On Aug 11, 5:54 pm, James Stroud <jstr... at mbi.ucla.edu> wrote:
> Hello All,
> I wrote the function to test hashability of arbitrary objects. My reason
> is that the built-in python (2.5) hashing is too permissive for some
> uses. A symptom of this permissiveness comes from the ability to
> successfully hash() arbitrary objects:
>    py> class C(object): pass
>    ...
>    py> {C():4}[C()]
>    ------------------------------------------------------------
>    Traceback (most recent call last):
>      File "<ipython console>", line 1, in <module>
>    <type 'exceptions.KeyError'>: <__main__.C object at 0xe21610>
> The basis for the exception is that the two instances do not have the
> same hash() although conceptually they might seem equal to the
> unitiated. Were I to re-design python, I'd throw an exception in this
> case because of the ill-defined behavior one might expect if a C()
> serves as a key for a dict.

That's arguably the right thing to do.

Personally I've found that being able to use class instances as
hashable objects to be terribly useful (these objects are hashed and
compared by identity, of course), so I don't mind it.  But I can
definitely see how this straddles the line between "practicality" and
"face of ambiguity".  And if Python didn't do it by default, it would
be little trouble to add the appropriate __eq__ and __hash__ methods.

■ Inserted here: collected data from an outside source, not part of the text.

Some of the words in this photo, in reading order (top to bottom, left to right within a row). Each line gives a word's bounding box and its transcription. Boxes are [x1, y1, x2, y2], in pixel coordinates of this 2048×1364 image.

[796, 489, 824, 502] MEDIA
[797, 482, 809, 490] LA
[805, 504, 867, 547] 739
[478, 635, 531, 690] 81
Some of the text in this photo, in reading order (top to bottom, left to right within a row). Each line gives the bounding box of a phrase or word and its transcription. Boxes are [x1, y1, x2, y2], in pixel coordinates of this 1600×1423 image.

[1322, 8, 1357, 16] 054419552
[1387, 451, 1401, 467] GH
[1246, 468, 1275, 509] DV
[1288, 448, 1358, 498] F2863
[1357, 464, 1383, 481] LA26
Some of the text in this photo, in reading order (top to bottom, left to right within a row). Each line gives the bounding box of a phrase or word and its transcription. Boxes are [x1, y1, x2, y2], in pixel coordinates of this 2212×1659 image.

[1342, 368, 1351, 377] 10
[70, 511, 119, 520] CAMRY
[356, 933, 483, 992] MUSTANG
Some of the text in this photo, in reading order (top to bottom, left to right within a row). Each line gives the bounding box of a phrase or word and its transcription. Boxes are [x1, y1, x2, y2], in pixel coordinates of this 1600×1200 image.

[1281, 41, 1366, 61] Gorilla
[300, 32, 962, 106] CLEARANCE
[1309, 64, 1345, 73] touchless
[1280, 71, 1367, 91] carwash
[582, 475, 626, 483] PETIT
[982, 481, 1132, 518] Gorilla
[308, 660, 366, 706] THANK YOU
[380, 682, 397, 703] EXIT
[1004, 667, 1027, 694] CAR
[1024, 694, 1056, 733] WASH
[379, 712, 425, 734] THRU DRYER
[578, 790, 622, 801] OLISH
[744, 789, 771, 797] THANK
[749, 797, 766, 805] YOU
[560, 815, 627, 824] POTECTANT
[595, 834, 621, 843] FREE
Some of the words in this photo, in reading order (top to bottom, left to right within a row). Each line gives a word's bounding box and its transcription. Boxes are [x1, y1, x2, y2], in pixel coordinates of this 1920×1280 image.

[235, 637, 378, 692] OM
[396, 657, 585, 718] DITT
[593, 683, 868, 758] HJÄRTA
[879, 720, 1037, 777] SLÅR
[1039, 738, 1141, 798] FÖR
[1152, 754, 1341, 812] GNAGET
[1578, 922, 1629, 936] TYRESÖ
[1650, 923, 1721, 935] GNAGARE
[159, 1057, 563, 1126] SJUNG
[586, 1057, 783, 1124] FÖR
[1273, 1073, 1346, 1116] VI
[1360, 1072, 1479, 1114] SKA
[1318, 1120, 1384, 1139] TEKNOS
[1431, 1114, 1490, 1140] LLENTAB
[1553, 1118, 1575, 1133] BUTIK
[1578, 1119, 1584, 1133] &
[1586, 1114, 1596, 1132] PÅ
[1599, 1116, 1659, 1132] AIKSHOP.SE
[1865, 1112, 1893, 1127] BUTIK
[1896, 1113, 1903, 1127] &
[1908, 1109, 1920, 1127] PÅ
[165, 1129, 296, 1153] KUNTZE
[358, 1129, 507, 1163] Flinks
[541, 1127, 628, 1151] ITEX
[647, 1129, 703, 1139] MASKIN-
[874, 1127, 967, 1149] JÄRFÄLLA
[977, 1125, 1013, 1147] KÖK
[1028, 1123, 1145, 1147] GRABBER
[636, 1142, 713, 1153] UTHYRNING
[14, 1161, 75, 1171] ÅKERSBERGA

> To prevent users of one of my libraries from falling into this and
> similar traps (which have potentially problematic consequences),

Even so, I would consider whether some of your users might, like me,
also find this terribly useful, and if so (probably a few will unless
they are all novices), allow them to disable or disregard this check.

> I came
> up with this test for hashability:
> def hashable(k):
>    try:
>      hash(k)
>    except TypeError:
>      good = False
>    else:
>      good = (hasattr(k, '__hash__') and
>              (hasattr(k, '__eq__') or hasattr(k, '__cmp__')))
>    return good

I wouldn't call the function "hashable".  Class instances like C() are
hashable whether you approve or not.  Something like
"deliberately_hashable" would be a better name.

> It works as I would like for most of the cases I can invent:
>    py> all(map(hashable, [1,1.0,"",(1,2,3)]))
>    True
>    py> any(map(hashable, [None, [1,2], {}, C(), __import__('sys')]))
>    False
> Can anyone think of boundary cases I might be missing with this approach?

It is possible to redefine == operator by defining __ne__ instead of
__eq__, at least on Python 2.5, so you should keep that in mind.